After an upgrade in the 1980’s the array was renamed the Ryle Telescope and used to measure Cosmic Microwave Background radiation – the emission signature of the Big Bang 13.7 billion years ago and it’s immediate (370,000 year) aftermath.

One of Martin Ryle’s colleagues, Antony Hewish helped by a research student Jocelyn Bell built a very different antenna consisting of 2048 dipoles 3.7 metres in length spread across 4.5 acres working at 81 MHz (3.7 metre wavelength)

In 1968 this instrument was the first instrument to detect a pulsar, a compact neutron star producing bursts of radiation due to its rapid rotational spin.

The most recent telescope to be commissioned on the Cambridge site is the Arcminute Microkelvin Imager (AMI)

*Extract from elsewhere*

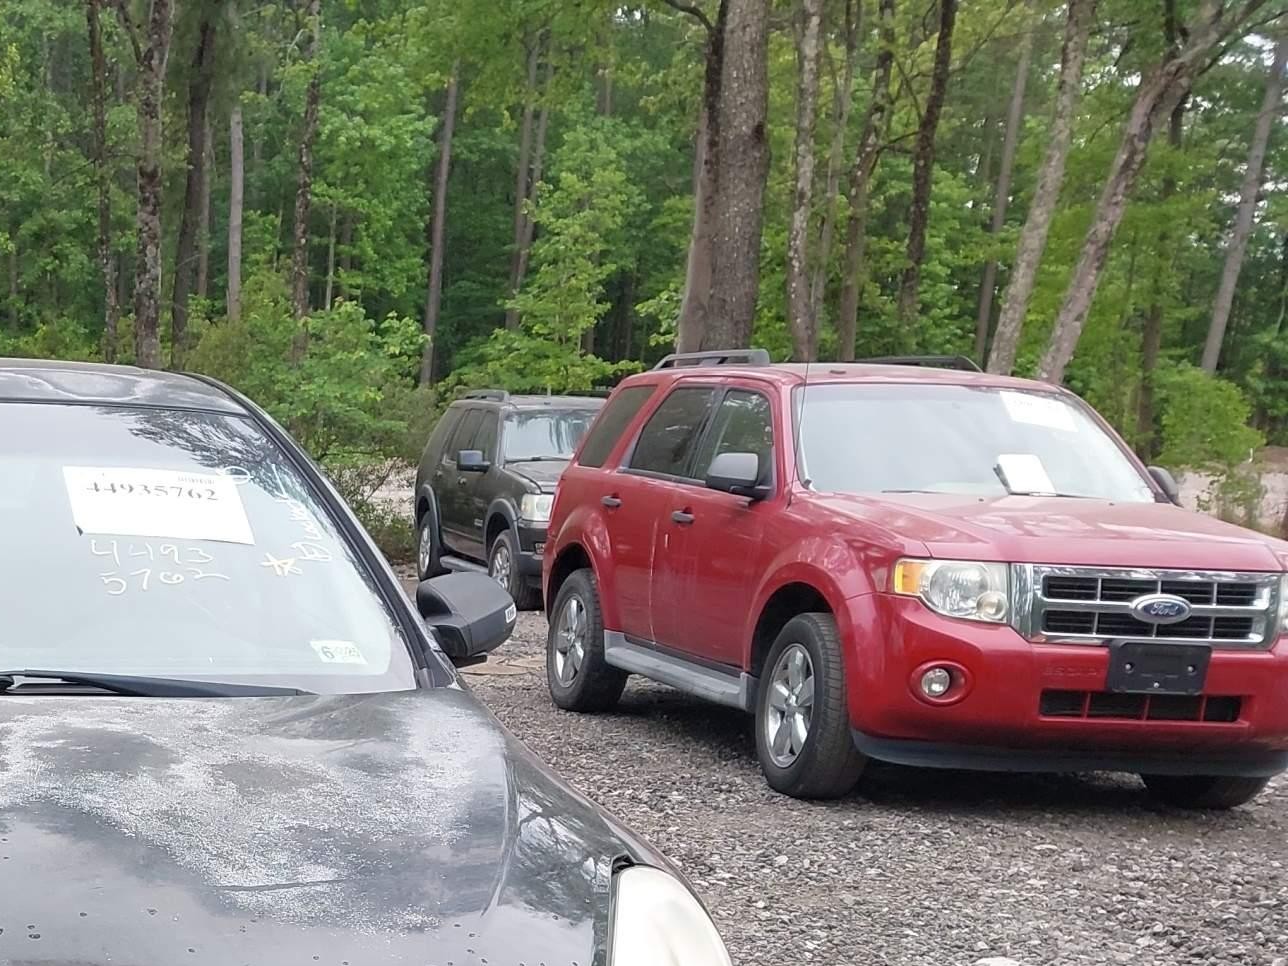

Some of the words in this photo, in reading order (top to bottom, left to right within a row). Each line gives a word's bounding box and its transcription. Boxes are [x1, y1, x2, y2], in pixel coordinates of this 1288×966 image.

[86, 481, 219, 501] 44935762
[90, 539, 214, 567] 4493
[99, 567, 230, 595] 5762
[1150, 602, 1179, 616] Ford

This is two separately correlated arrays of receivers operating in the 12 to 18 GHz band with a small array of ten 3.7 metre parabolic dishes in a compact configuration able to resolve angular scales of 2 to 16 arc minutes linked to a large array formed by a compact configuration of eight of the 12.7 metre Ryle Telescope dishes in the Ryle array including two off set dishes to create a north south baseline to cover angular scales of 0.5-5 arc minutes.

MRAO resized

Picture taken by Wireless Heritage SIG Champion Stirling Essex

The combination of the two systems works on the basis of the small array detecting shadows that galaxy clusters have imprinted on the cosmic radio background with the large array providing correction for contaminating radio sources.

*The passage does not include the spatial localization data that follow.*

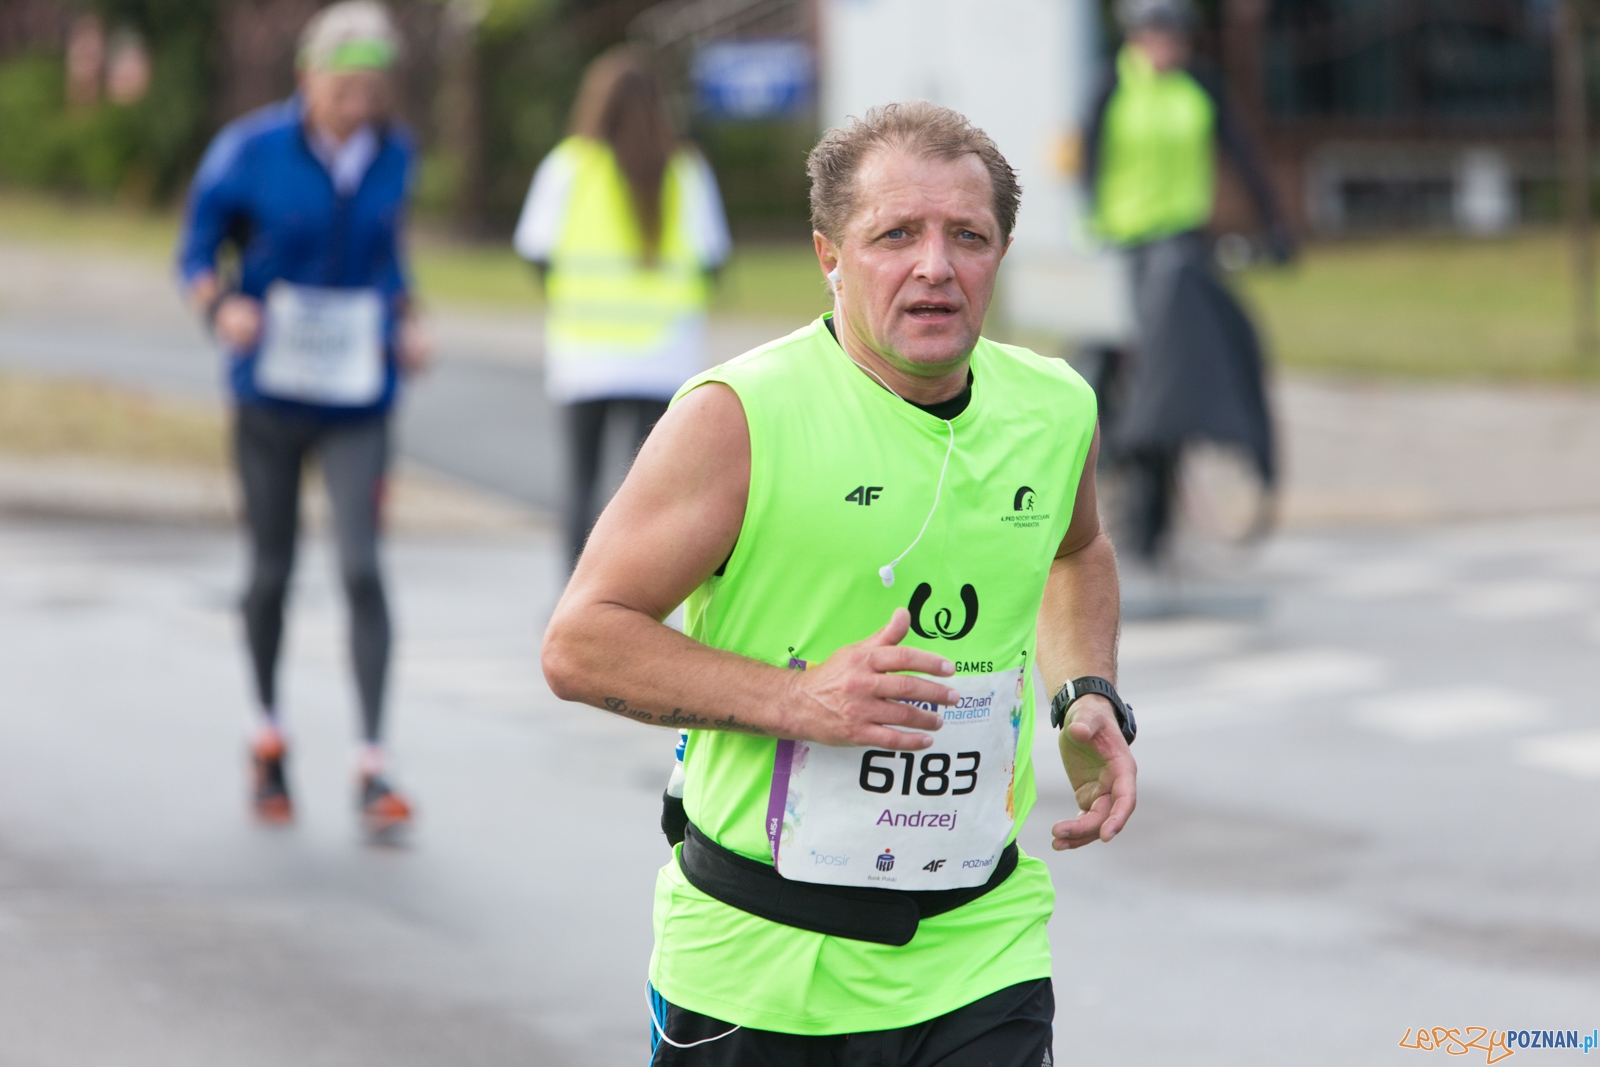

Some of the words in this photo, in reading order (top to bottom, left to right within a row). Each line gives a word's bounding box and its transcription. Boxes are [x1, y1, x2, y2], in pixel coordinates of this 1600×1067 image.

[844, 485, 884, 506] 4F
[955, 661, 993, 673] GAMES
[604, 697, 652, 720] Dum
[943, 707, 991, 720] maraton
[859, 749, 981, 797] 6183
[876, 809, 958, 832] Andrzej
[922, 859, 947, 872] 4F

The overall bandwidth is six GHz divided into eight broadband 750 MHz channels. Independently of red shift this combined array should be able to see clusters that are impossible or hard to detect optically, for example clusters hidden behind dust clouds.

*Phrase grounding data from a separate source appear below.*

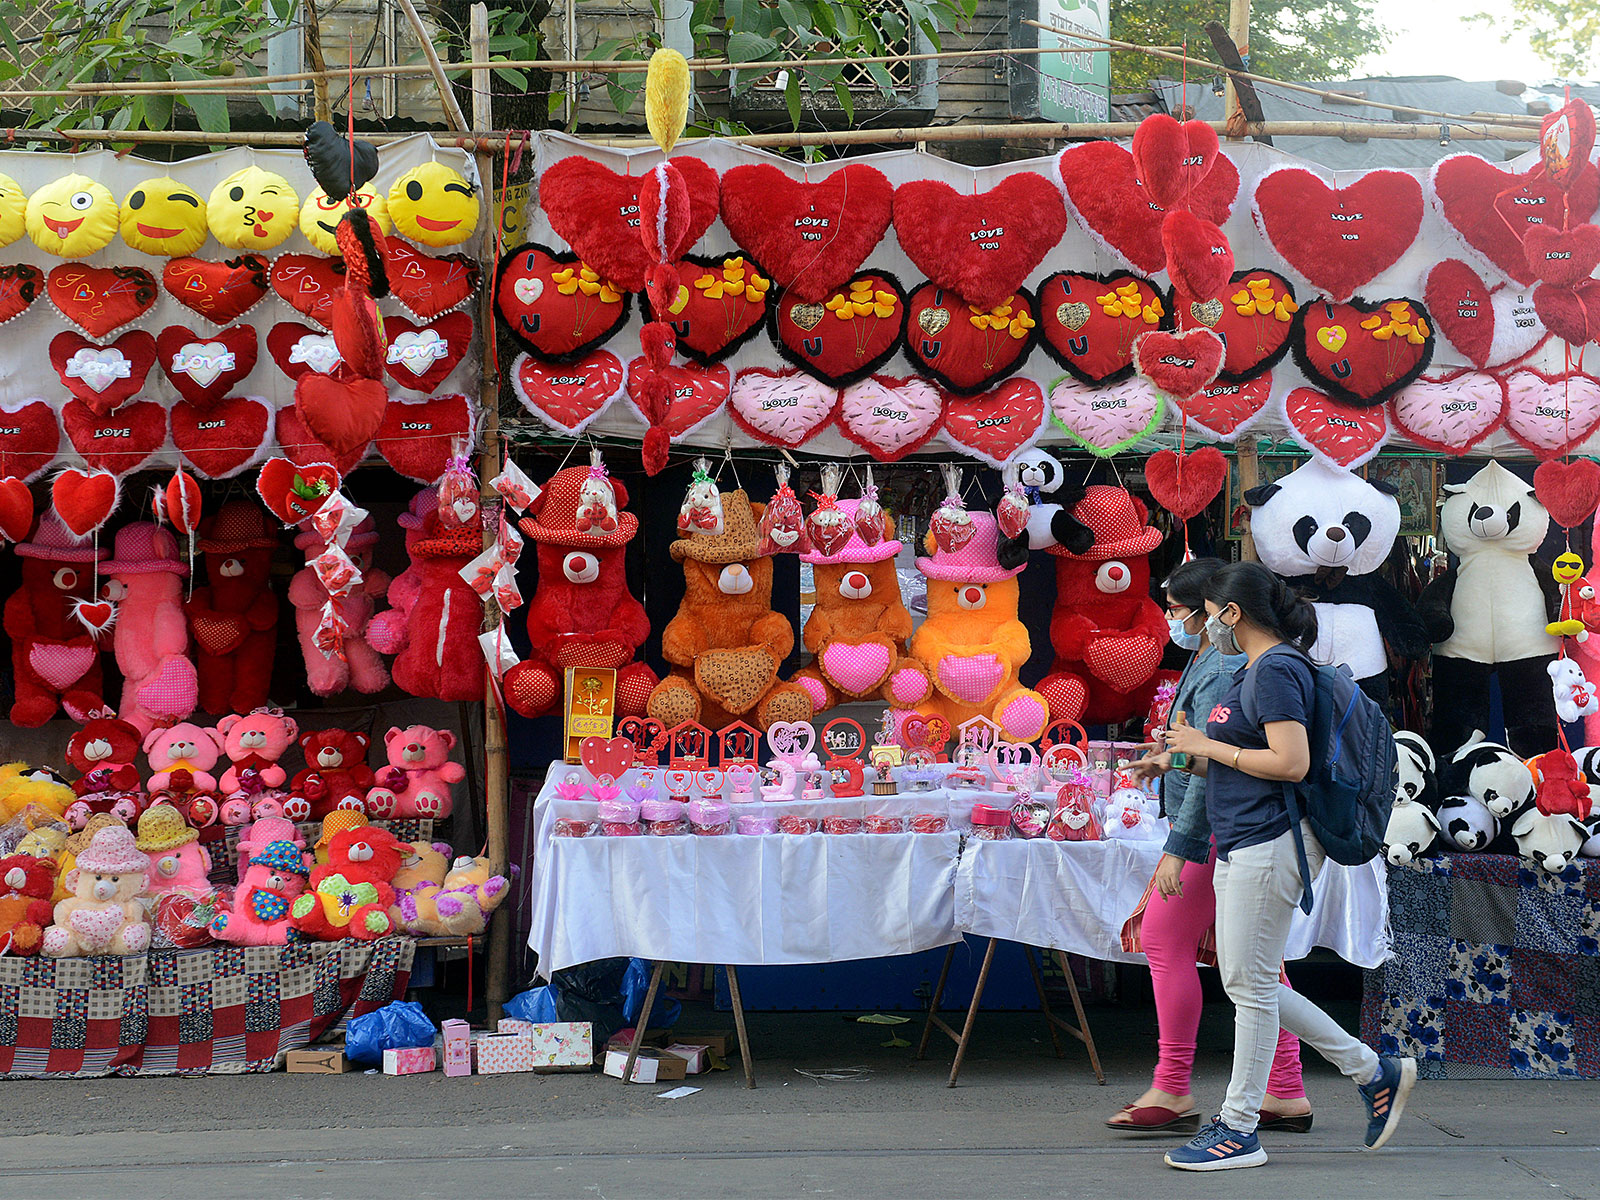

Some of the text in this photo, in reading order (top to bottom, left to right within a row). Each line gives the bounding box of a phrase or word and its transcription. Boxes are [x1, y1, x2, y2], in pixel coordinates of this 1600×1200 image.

[1513, 196, 1547, 205] LOVE
[620, 205, 640, 216] LO
[810, 204, 815, 212] I
[502, 206, 518, 233] C
[627, 218, 640, 227] YO
[794, 216, 829, 228] LOVE
[1331, 212, 1364, 222] LOVE
[1527, 215, 1543, 224] YOU
[801, 231, 822, 241] YOU
[969, 227, 1004, 241] LOVE
[1341, 233, 1359, 241] YOU
[979, 242, 1000, 250] YOU
[1545, 251, 1571, 259] LOVE
[526, 253, 535, 271] I
[1062, 280, 1072, 295] I
[1466, 290, 1471, 298] I
[1518, 295, 1524, 303] I
[1458, 309, 1478, 318] YOU
[521, 314, 540, 332] U
[1515, 318, 1536, 328] YOU
[804, 337, 822, 356] U
[923, 341, 941, 358] U
[1069, 336, 1088, 355] U
[171, 353, 235, 373] LOVE
[1331, 359, 1351, 378] U
[675, 387, 693, 398] VE
[1206, 384, 1240, 398] LOVE
[763, 396, 798, 410] LOVE
[1091, 398, 1127, 410] LOVE
[1441, 400, 1477, 414] LOVE
[873, 406, 908, 420] LOVE
[1535, 405, 1571, 419] LOVE
[198, 419, 226, 429] LOVE
[402, 422, 432, 430] LOVE
[976, 414, 1010, 429] LOVE
[1327, 416, 1360, 428] LOVE
[0, 427, 21, 435] OVE
[93, 427, 131, 438] LOVE
[290, 501, 308, 516] LOVE

This should take us back to the period between 370000 years and one billion years including pre galaxy structures as they begin to coalesce under the influence of gravitational wave energy.

About the SIG

The Wireless Heritage SIG studies examples of radio technology history that can be shown to have direct relevance to present and future decision making in the radio communications industry. Their next event is 75 Years of Radar at the RAF Air Defence Museum in Horning, Norfolk on 16 October.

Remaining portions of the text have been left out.